Doug Stoup: A Perspective from the Poles

The last 20 years have left their mark on the world’s polar ice caps. As an international explorer and guide, I’ve seen firsthand how a warming climate is changing our planet. Each year it becomes increasingly easier to ski to the north pole because of decreased snowfall—an expedition that usually takes seven to ten days to complete recently took my team six.

In the Antarctic, rising water temperatures are causing dramatic changes to wildlife habitats, affecting the entire food chain from krill to penguins. At Ice Axe Expeditions, we will soon be forced to change the way we plan trips and design gear. In the near future, our polar trips might involve as much kayaking as they do skiing.

Photo: Carol McConnell
Taken in Wilhelmina Bay, Antarctica in 2015.
Douglas has pioneered the skiing and Stand Up Paddling in the polar regions and it is a great way to explore your surroundings by human power and allows you to interact with wildlife. This is Wilhelmina Bay, Antarctic on Ice Axe Antarctic Peninsula Ski Cruise 2015.

These changes to the Arctic and the Antarctic are warning signs of the global implications of climate change. As the ice continues to melt, the impacts felt closer to home will also increase in severity—this means shorter winters, rising ocean levels, and other symptoms of climate change.

That’s why it’s more important than ever to concentrate our efforts on climate policy, both locally and on a federal level. To do that, we need to ensure that the politicians we vote into office are taking strong stances on climate.

In 2018, we have not just the opportunity, but the responsibility, to show up at the polls and vote for people who will actually drive policies and enact laws that will decrease our reliance on fossil fuels. The winter sports and outdoor community is a strong and passionate demographic, and it’s time for us to mobilize and make our opinions heard this election cycle.

On Earth Day, I presented on a panel in my hometown of Truckee, California, a community that recently became the 50th city in the nation to commit to a 100% renewable future by 2050. I was joined by local business people, nonprofit advocates, and town officials. We discussed the impact of climate change on our highly susceptible mountain community and local economy.

Like many mountain towns, we have seen how low snowfall years impact our business and way of life. Earlier this year, POW’s new economic report revealed that the ski industry and supporting mountain economies are already hurting because of climate change.

The report revealed that 16 of the warmest years on record have occurred since the turn of the century, with 2016 being the hottest and 2017 the second warmest. The Earth Day panel took place at Squaw Alpine, which saw alarmingly low snow falls this year in December, January, and February—three of the resort’s biggest months.

Truckee, Squaw Alpine, and Ice Axe Expeditions are all part of the snowsports industry, which contributes $72 billion to the annual U.S. economy and supports 695,000 jobs nationwide.

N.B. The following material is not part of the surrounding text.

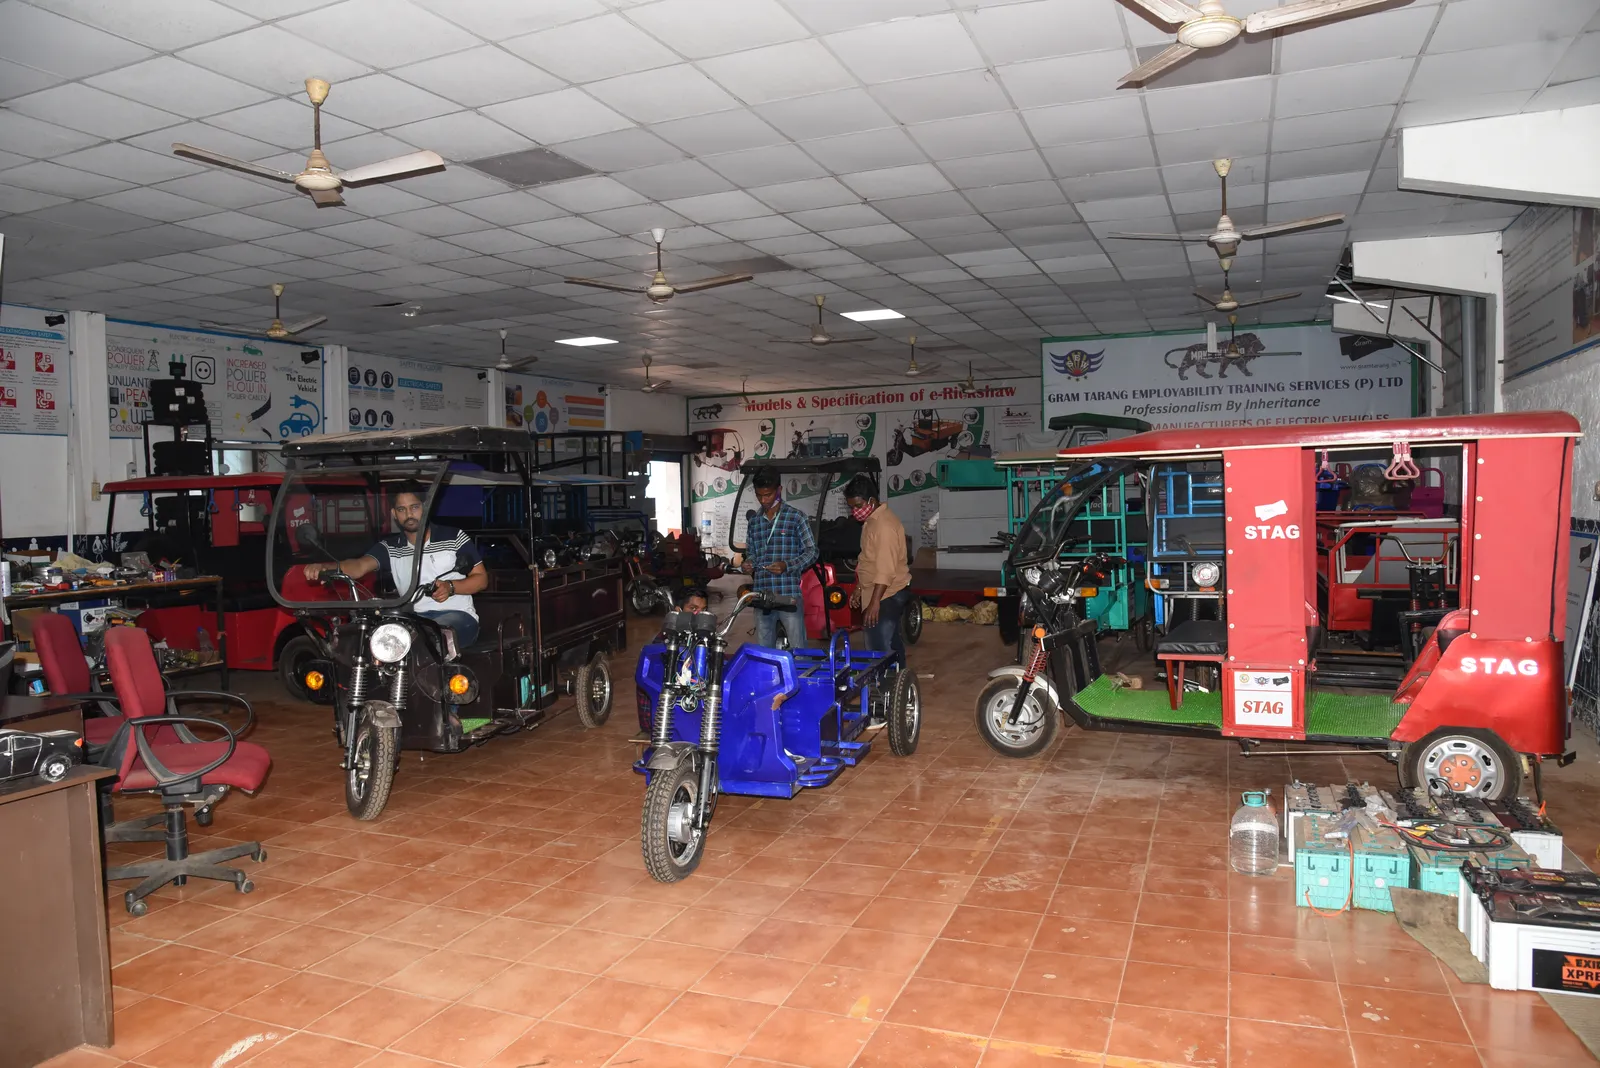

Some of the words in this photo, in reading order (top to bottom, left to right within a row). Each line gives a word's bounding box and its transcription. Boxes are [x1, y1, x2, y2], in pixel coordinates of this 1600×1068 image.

The outdoor industry is worth $887 billion—about twice as large as the pharma and motor vehicle industries combined. Climate change threatens this industry, and it’s time to mobilize and do something to protect our already jeopardized climate.

Antarctic Peninsula Ski Cruise photo: Ice Axe
Ice Axe Expeditions prides itself on using some of the best and most experienced guides in the world with over 200 years experience collectively. Ice Axe organizes an annual pilgrimage south every November to ski tour the last frontier.

The outdoor industry is an economic powerhouse that is waking up to its political weight. Together with allies such as POW, the Citizens Climate Lobby, Squaw Alpine, and the Town of Truckee, the snowsports community is coming together to demand that our politicians implement policies that reduce our carbon footprint.

The midterm elections are coming up, and we need to get out, vote, and hold our elected officials, from our local town council members to congress people, accountable when it comes to prioritizing climate policy.

The planet needs our help. Without the poles there is no planet. It’s time to start talking the talk, let’s walk the walk. To learn more about who needs to be voted in or out of office this year in order for the necessary work on climate change to be done, text POW2018 to 52886.

Taken 2015 on a Warren Miller Entertainment Segment and ski touring near Maniisoq area of SW Greenland photo: Ice Axe Expeditions
In the summer of 2010 a chunk of ice three times the size of Manhattan broke off Petermann Glacier in Greenland and floated out to sea. The calving left miles of newly open water in the deep Petermann Fjord, which had been capped in a thick layer of glacial ice. New research out last summer confirmed that it was likely the largest calving in the region since observations began in 1876. What does this event tell us about climate change in the Arctic? Scientists say it is clear that Greenland is losing ice.